The interesting thing about these regiments in that they were only paid $10.00 per-month in comparison to the $13.00 per-month paid to white regiments. The government then deducted three dollars from the pay of black regiments for clothing. As a result of the pay disparity, many black soldiers protested by refusing to accept pay at all for their services. They never asked for one dollar from the Government in return for their sacrifice and service. They only asked for the same opportunities as whites. 1

After the War, many black soldiers suffered the indignity of being denied their pensions. Only 75% of the Black veterans were granted pensions while almost 96% of White veterans were granted pensions.2

During the Indian Wars, several black regiments served on the frontier. Two of the most famous served on into the Spanish-American War. These were the 9th and 10th Regiments. These regiments served with distinction and not one of the veterans of these regiments asked for reparations for their families. They received the standard pensions paid to their white brethren.

In addition to pensions, many blacks were lynched during the Post Civil War years and into the Jim Crow era. None asked any more from their Government than equal opportunity to vote and function in society. They asked for the right to be educated and to earn a decent living. They had to overcome lynching, prejudice and ill treatment in their attempts to gain equal access to society.

Much of this struggle was successful. In the Post War years, with the help of the Freedmans' Bureau, several Black Colleges were established. Tuskegee University in Alabama became one of the most famous. As of today, there exists more than 100 Colleges that has their roots in Post War Black education.

Today, there has been a marked shift in the mentality of black leaders in contrast to those that existed in the Post Civil War years. Those of the Post War years took pride in the sacrifices they had made for freedom. They saw their struggle not requiring, nor demanding to be coddled by the Federal Government, nor spoiled by living off of Government handouts, but rather they struggled to prove that they could be as successful as Whites in society. Not only did they accomplish this in the extraordinary sacrifices of the Black soldiers on the battlefield, whose heroism in the face of prejudice proved that they could fight to the equal of Whites.
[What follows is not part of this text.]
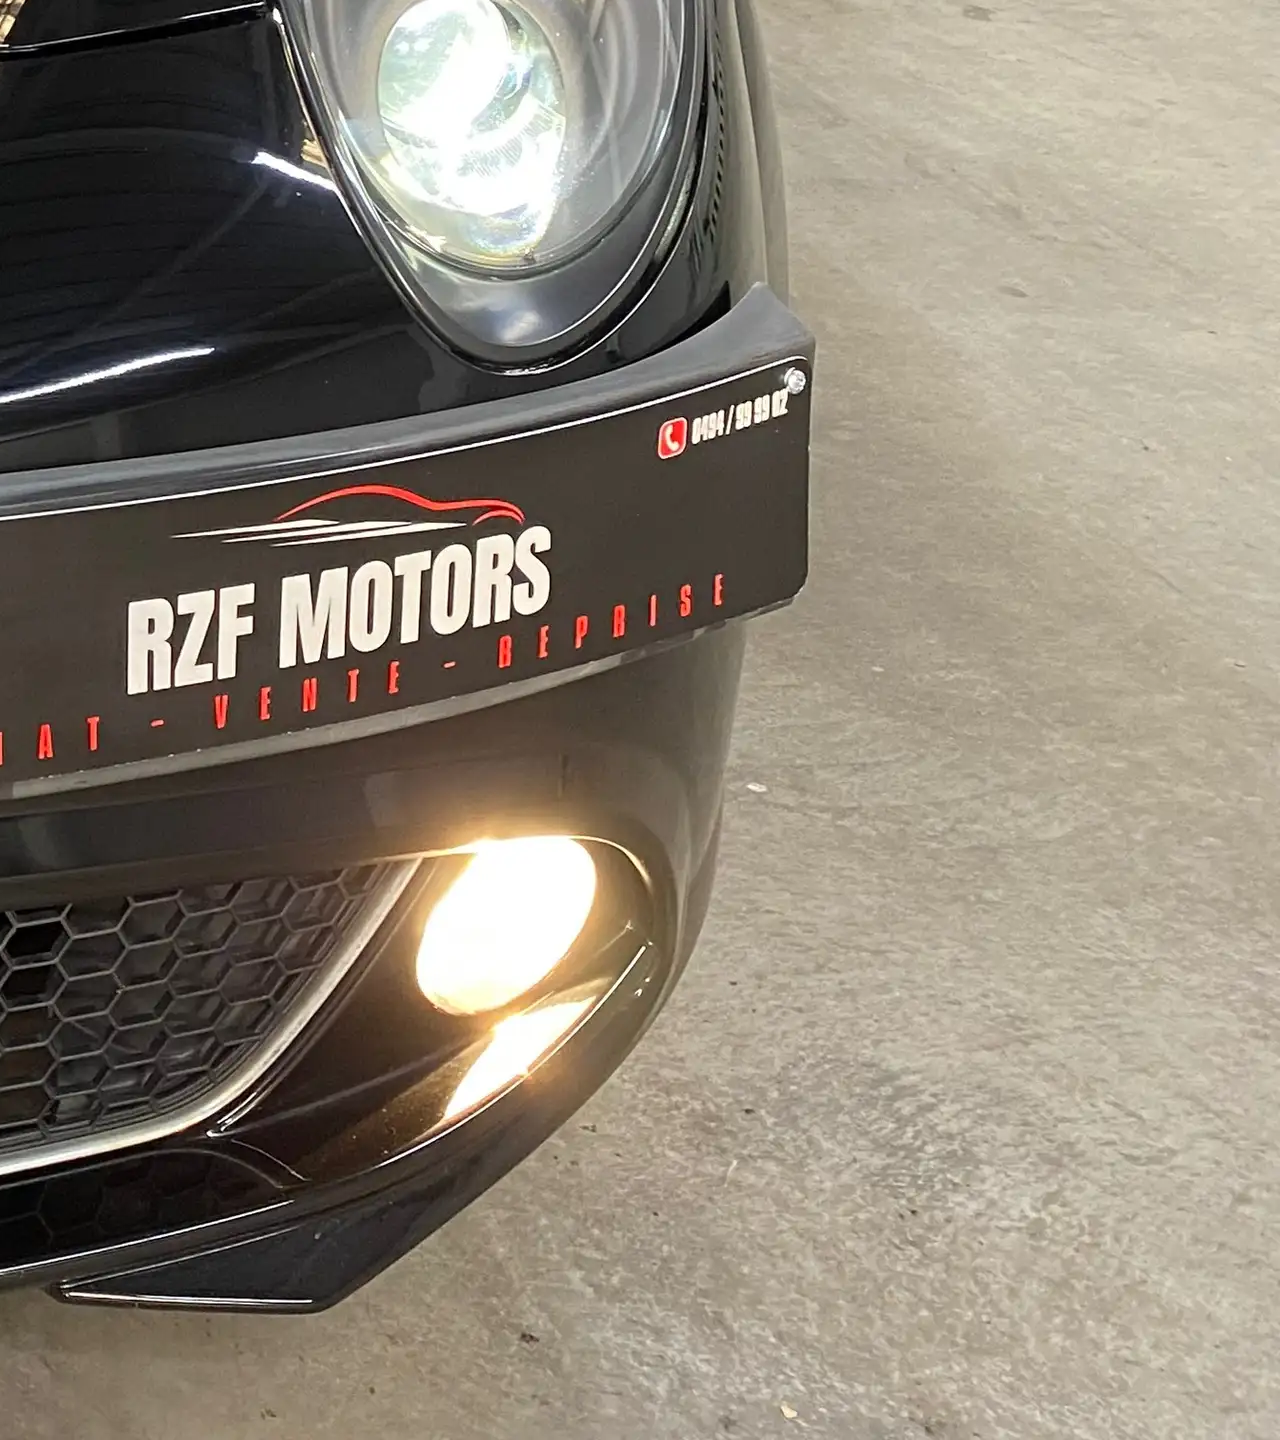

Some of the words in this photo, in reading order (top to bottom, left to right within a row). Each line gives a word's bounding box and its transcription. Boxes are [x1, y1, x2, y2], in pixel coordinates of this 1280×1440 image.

This was also proven by the Black veteran’s organizations that successfully petitioned the Government for the right to vote. It was also proven by the willingness to protest ill treatment by such heroes as Rosa Parks, and by the senseless slaying of such Black leaders as M. L. King, all of whom would never have countenanced Government handouts, but only the chance to be viewed equally.

In the end, this sense of pride and self-accomplishment in the face of extreme odds has been largely negated by leaders demanding free money and land from the Government due to some contrived injustice to them that dates back over 130-years, when not one of them has had to live under the bonds of slavery that their forebears fought to overcome. It is as if they are spitting on the graves of those who gave their lives to instill freedom and pride in their African-American brethren.

1 The last surviving Black Veteran of the Civil War was Joseph Clovese who died in 1951.

2 Donald R. Shaffer. After the Glory: The Struggles of Black Civil War Veterans. Lawrence: University Press of Kansas, 2004, page 119.